Ich würde mir auf jeden Fall einen Anwalt besorgen wenn es vor Gericht geht. Schau doch mal hier, da solltest du auch gerade bezügl. Arbeitsrecht einen passenden Rechtsanwalt finden: http://www.rechtsanwaltsuche.de/

Kommt auf den Fall an.

Wenn es um rückständigen Lohn geht, kann man vermutlich auf den Anwalt verzichten.

Bei einem Kündigungsschutzprozess würde ich bestimmt einen Anwalt nehmen.

Bist Du in einer Gewerkschaft? Dann vertreten die Dich.

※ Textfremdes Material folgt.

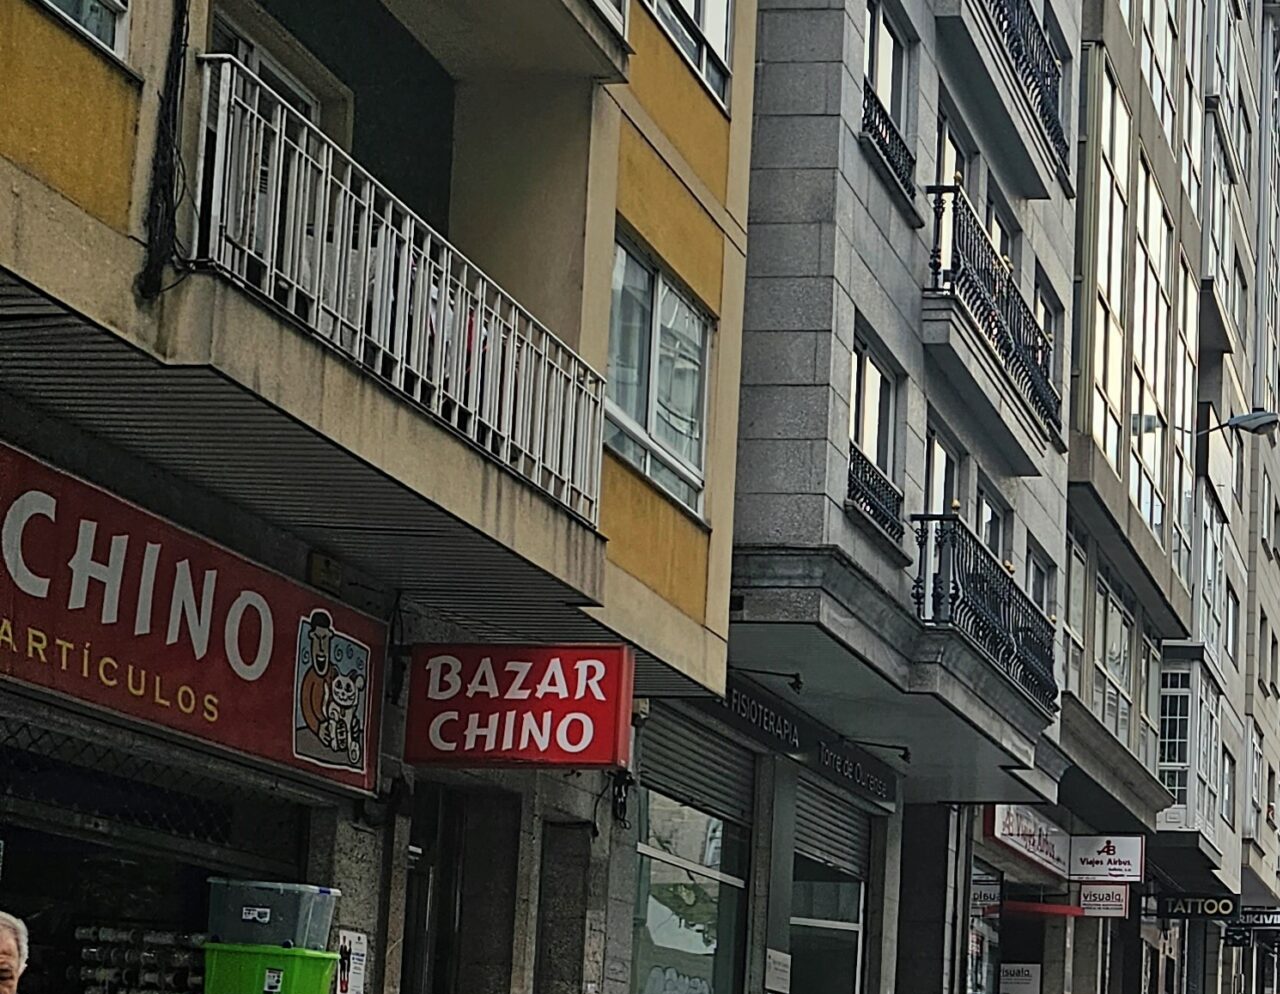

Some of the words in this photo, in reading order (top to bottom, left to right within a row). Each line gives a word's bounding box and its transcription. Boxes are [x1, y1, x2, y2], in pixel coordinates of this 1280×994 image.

"Sollte man" ist schon eine sehr allgemeine Frage. Wer ist denn "man"? Und, worum geht es? Gewiß, es gibt vor der Arbeitsgericht (also der 1.Instanz) keinen Anwaltszwang und wenn man sich einen Anwalt nimmt muß man die Kosten selber zahlen:

http://dejure.org/gesetze/ArbGG/12a.html

Das ist also anders als vor den Zivilgerichten.

ABER: Nur wenige Menschen kennen sich in der Materie des Arbeitsrechts wirklich aus und wissen, was man durchsetzen kann. Da muß jeder selber wissen, ob er es um der Ersparnis willen darauf ankommen lassen will, sich auf ungünstige Vergleiche einzulassen oder gar die falschen Anträge zu stellen. Auf die Hilfe des Gerichts kann man sich nur bedingt verlassen. Das Gericht darf nach der Prozeßordnung nur Anregungen geben, nicht aber einer Partei die Prozeßführung abnehmen. Würde der Richter dagegen verstoßen, könnte er von der Gegenpartei wegen Befangenheit abgelehnt werden.